OPINION

The EE Amendment Bill is Verwoerdian - Helen Zille

DA leader says her party is the party of broad-based economic redress

The DA is the party of broad-based economic redress

Note to editors: This is a speech delivered by DA Leader Helen Zille at the Cape Town Press Club today.

Ladies and Gentlemen, 

In 2014 South Africa will celebrate the 20th anniversary of our first democratic election. It deserves to be a great celebration, because South Africa is a much better place today than it was under apartheid. But we should prepare for an even bigger celebration on 8th May 2016, the 20th anniversary of the adoption of our Constitution. Democracy is, too often, conflated with elections.
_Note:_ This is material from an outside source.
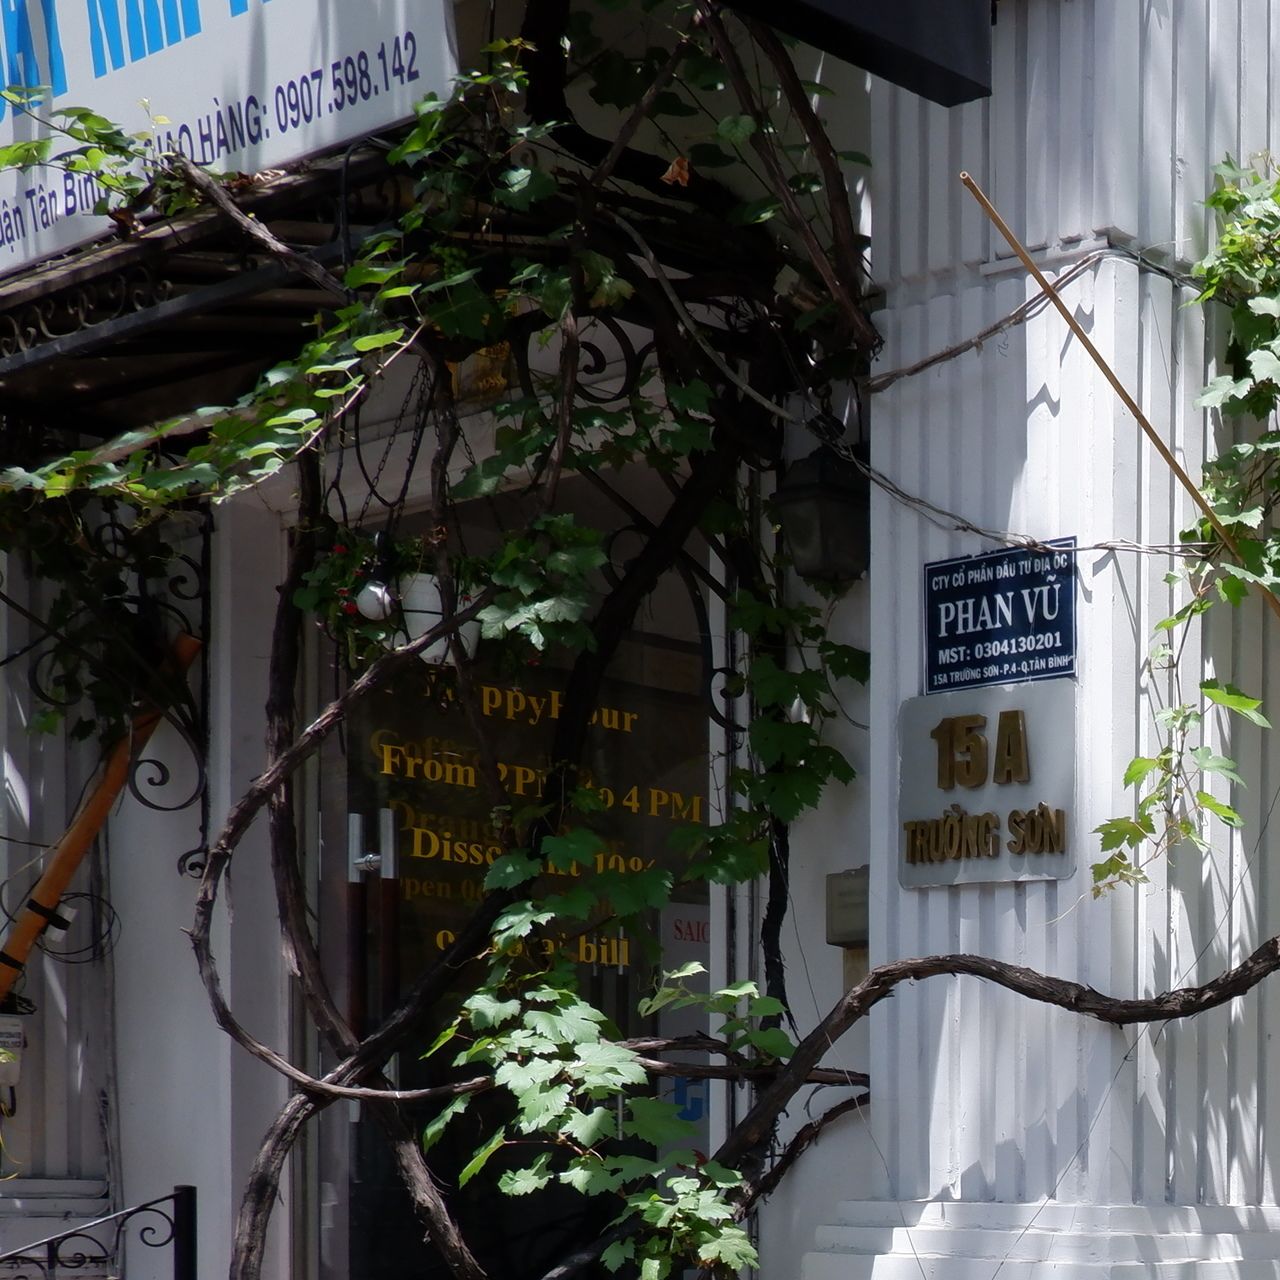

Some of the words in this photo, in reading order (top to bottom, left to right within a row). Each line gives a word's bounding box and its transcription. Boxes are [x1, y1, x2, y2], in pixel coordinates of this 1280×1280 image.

While free and fair elections that reflect the popular will are essential in any democracy, they are only one component. The foundation of any democracy is a rights-based constitution that regulates how power is used, held to account, and changed by peaceful means. Our Constitution is regarded as one of the most progressive in the world. It is our nation's compact with each other. It defines how each one of us can be protected from power abuse, even as the majority has the right to govern while it enjoys a popular mandate.

The Constitution is not perfect, and many people will have components that they would like to change. We do change the Constitution; but we have bought into it as a package deal and we can't excise the bits that we feel like excising. Once everyone starts doing that, our compact will unravel.
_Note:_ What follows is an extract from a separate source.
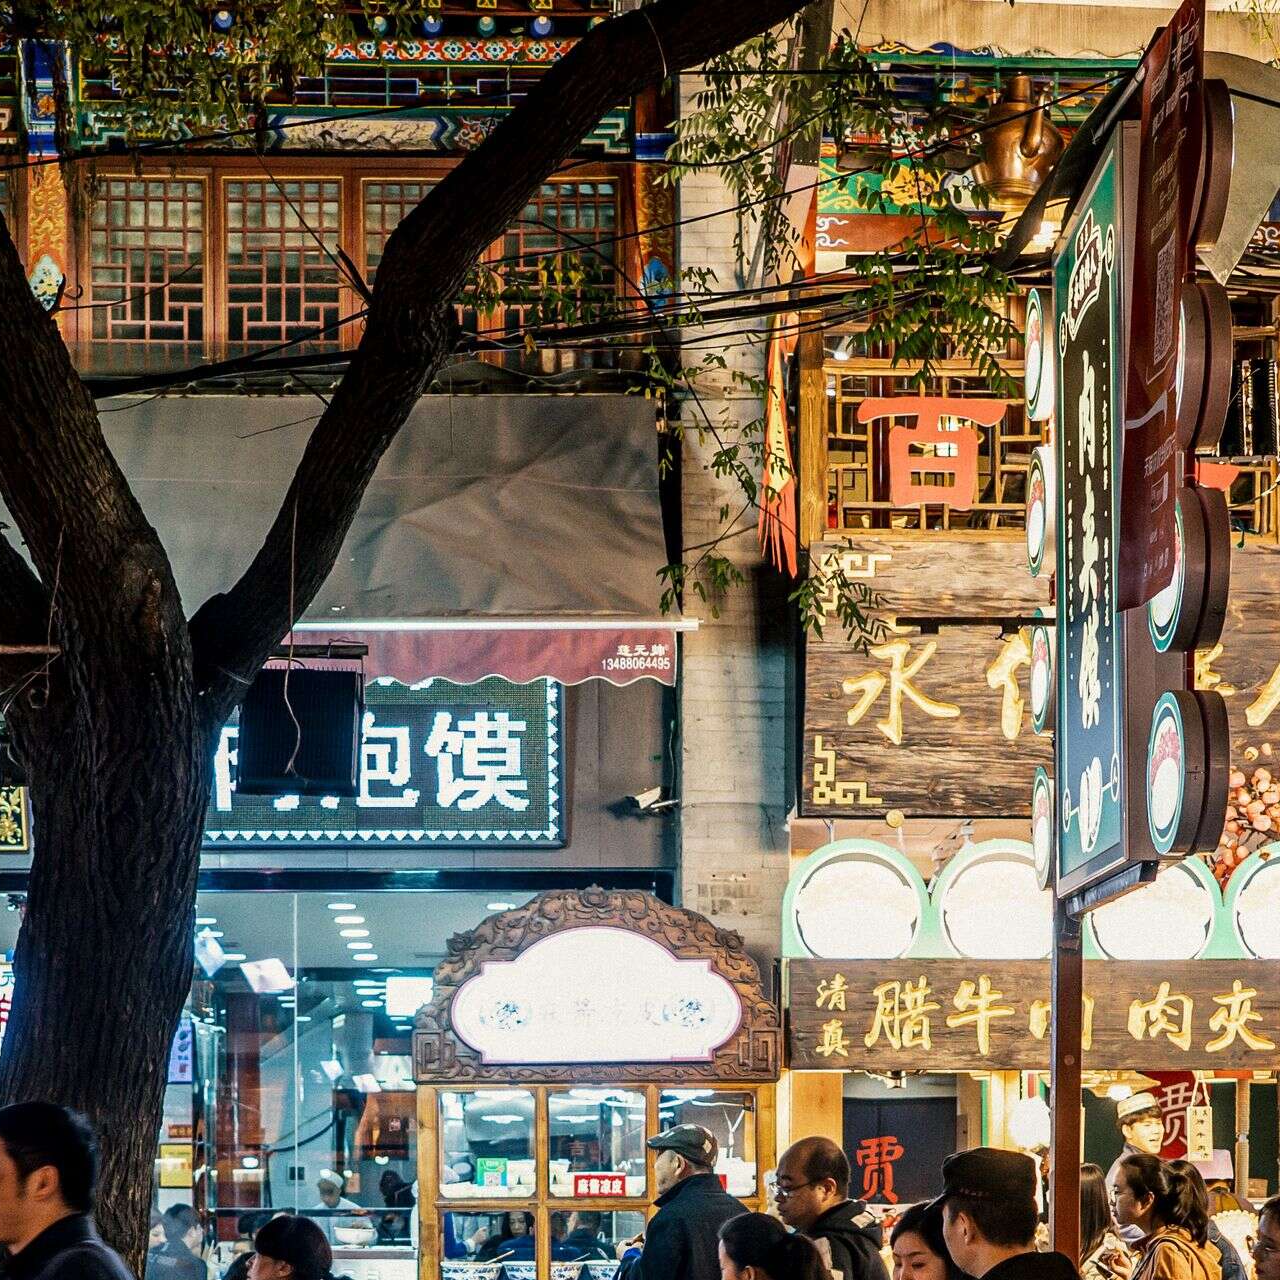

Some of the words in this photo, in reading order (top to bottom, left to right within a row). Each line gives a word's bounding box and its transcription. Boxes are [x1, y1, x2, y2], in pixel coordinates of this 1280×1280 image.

[601, 657, 671, 671] 13488064495
[815, 973, 849, 1059] 清真
[856, 1135, 905, 1204] 贾
Without reservation the DA supports the equality clause in the Constitution.

There are those people who attack us for doing so. They say it is not liberal. They accuse us of wandering away from our liberal roots by doing so. I say - in the language they often like to use - poppycock. Nonsense. 

No-one owns liberalism. As Tim Cohen argues in the Financial Mail today, and I agree, "affirmative action lies in a grey zone at the intersection of two great pillars of liberal thought: individualism and equity." It puts the rights of each individual first: to define who they are, to have their rights and freedoms protected and their opportunities broadened, so that they can become the best they can in life.

As for the DA, we unashamedly believe that the state has a role to play in redressing the past policies that have had such a profound effect, over centuries, in preventing people from fulfilling their potential and becoming the best they can be.

The question is what is this role exactly and how can it be implemented effectively without entrenching race classification permanently in our society. The crisp question then is: how do we use redress as a bridge to a non-racial, much more equal society? 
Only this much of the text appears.